This year’s presidential candidates made many ambitious policy statements. They even agreed on some: job creation, ending inflation, protecting domestic companies, eliminating the taxation of tips and improving housing affordability. Donald Trump also opted for additional tax cuts, ambitious deregulation, high tariffs, lower federal spending, expanding fossil fuel production and curtailing environmental initiatives. Kamala Harris has focused on reducing the cost of healthcare and improving access to it, fighting corporate price gouging, expanding tax credits and creating an innovation fund.
Yet both Harris and Trump lack the specifics to meet their promises. It’s not something that should be left unaddressed, even in an economy that has outperformed other advanced countries. Measures are needed to be taken in five areas to stand a good chance of delivering on promises.

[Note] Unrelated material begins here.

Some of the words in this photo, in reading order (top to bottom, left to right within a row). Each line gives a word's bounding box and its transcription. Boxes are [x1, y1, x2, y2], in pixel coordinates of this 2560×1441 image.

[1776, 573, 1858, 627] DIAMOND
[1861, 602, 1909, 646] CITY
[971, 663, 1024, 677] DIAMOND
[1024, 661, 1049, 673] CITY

First, the incoming president must find a way to maintain growth while repositioning the economy to take advantage of the drivers of tomorrow’s prosperity. This involves removing the brakes on existing economic engines, such as manufacturing and services, and promoting future sources of growth by supporting the smart dissemination of innovations in artificial intelligence, life sciences, green energy, defence, healthcare and food security. Both the Inflation Reduction Act and the Chips Act should be evaluated for course corrections to fulfil their restructuring aims. This needs to be accompanied by more dynamic regulatory approaches to foster innovation and a better understanding of the risk of the balance between job losses and the upside of skills enhancement.
The second challenge is to come to grips with high budget deficits and rapidly rising debt. It was once unthinkable that the US would have almost three years with an unemployment rate around or well below 4 per cent and yet run budget deficits of 6-8 per cent of GDP. To paraphrase John F Kennedy, this is the time of “sunshine” when governments should be “fixing the roof” and not creating additional holes. Yet, whether it is the current deficit at over 6 per cent of GDP or government debt at 120 per cent of GDP, both are on an ultimately unsustainable path.

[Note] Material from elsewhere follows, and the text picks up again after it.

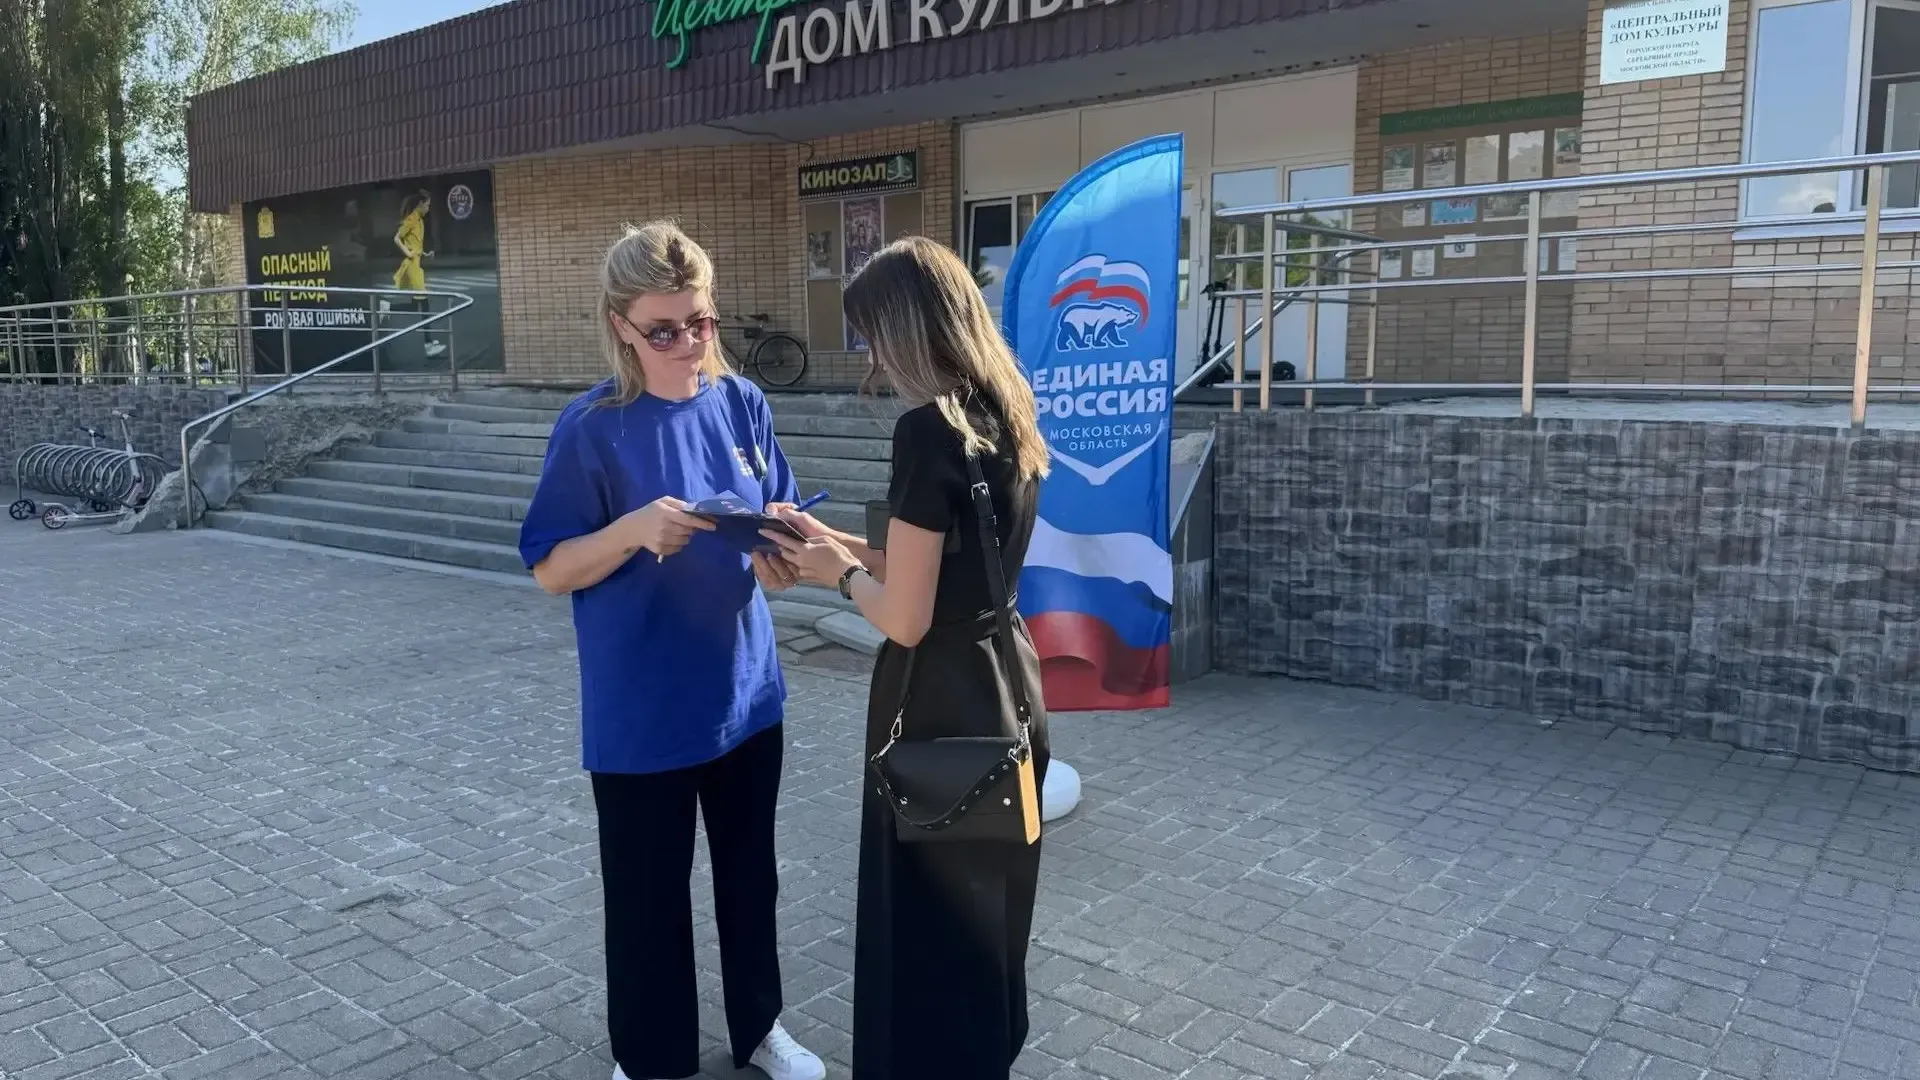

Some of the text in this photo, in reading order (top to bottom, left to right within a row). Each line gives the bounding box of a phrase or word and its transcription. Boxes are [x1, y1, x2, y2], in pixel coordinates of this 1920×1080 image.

It’s not just about the size of the imbalances. The incoming administration needs to build much greater operational flexibility for public finances that lack sufficient resilience and agility. This requires reforms to the tax system, including removing distortive exemptions and anti-growth biases; rationalising spending; and liberating more resources for investment and precautionary buffers.

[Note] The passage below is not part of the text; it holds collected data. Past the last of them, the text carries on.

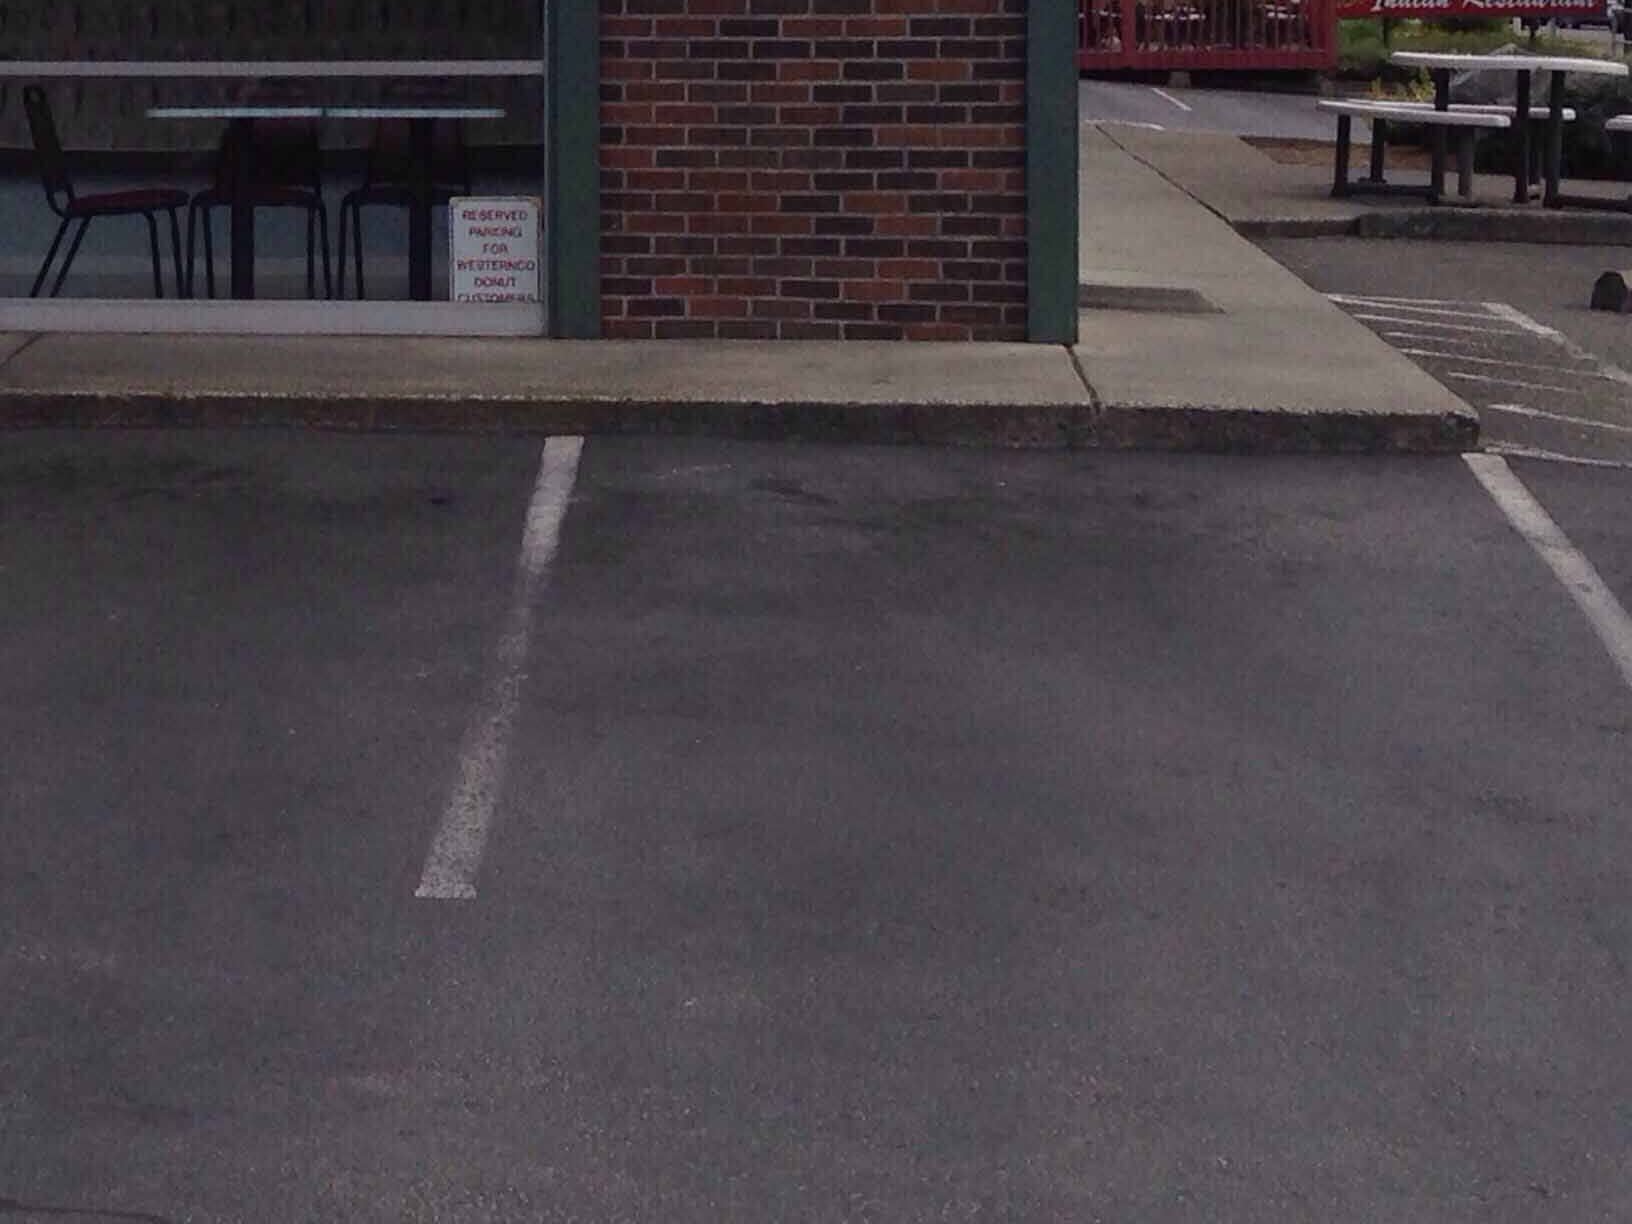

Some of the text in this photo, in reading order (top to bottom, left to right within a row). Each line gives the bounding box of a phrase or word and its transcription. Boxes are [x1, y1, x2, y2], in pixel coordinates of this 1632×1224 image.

[462, 209, 529, 222] RESERVED
[469, 226, 523, 238] PARKING
[482, 242, 509, 255] FOR
[457, 259, 536, 271] WESTERNCO
[474, 276, 516, 288] DONUT

Third, both candidates need to resist the excessive use of the economic tools they favour. For Harris, this means avoiding overregulation and blunt industrial policy. For Trump, it means containing the use of tariffs and tax cuts.
Fourth, the new administration needs to restore credible American leadership at the centre of the global economic and financial order. This is not about a globalist ideology. It is about countering fragmentation which undermines growth and national security. Active US involvement is also needed to develop common responses to shared threats. The alternative is greater vulnerability to more frequent and more violent shocks.
The final issue is proper communication. You need only look at the UK to see how an ambitious economic initiative can fall victim to obfuscation. The Biden-Harris administration learnt this lesson the hard way when it followed the 2021 lead of the Federal Reserve in wrongly characterising inflation as “transitory” only to see it surge to more than 9 per cent. Trump managed it better in the immediate aftermath of his 2016 election victory when his conciliatory tone on the economy flipped equity market losses into gains and set an economic narrative that has served him well since.
Overpromising in electioneering is neither new nor unexpected. The issue now is for the winning candidate to pivot from promises to economic governing lest the US lose its economic exceptionalism and the world lose its one major growth locomotive.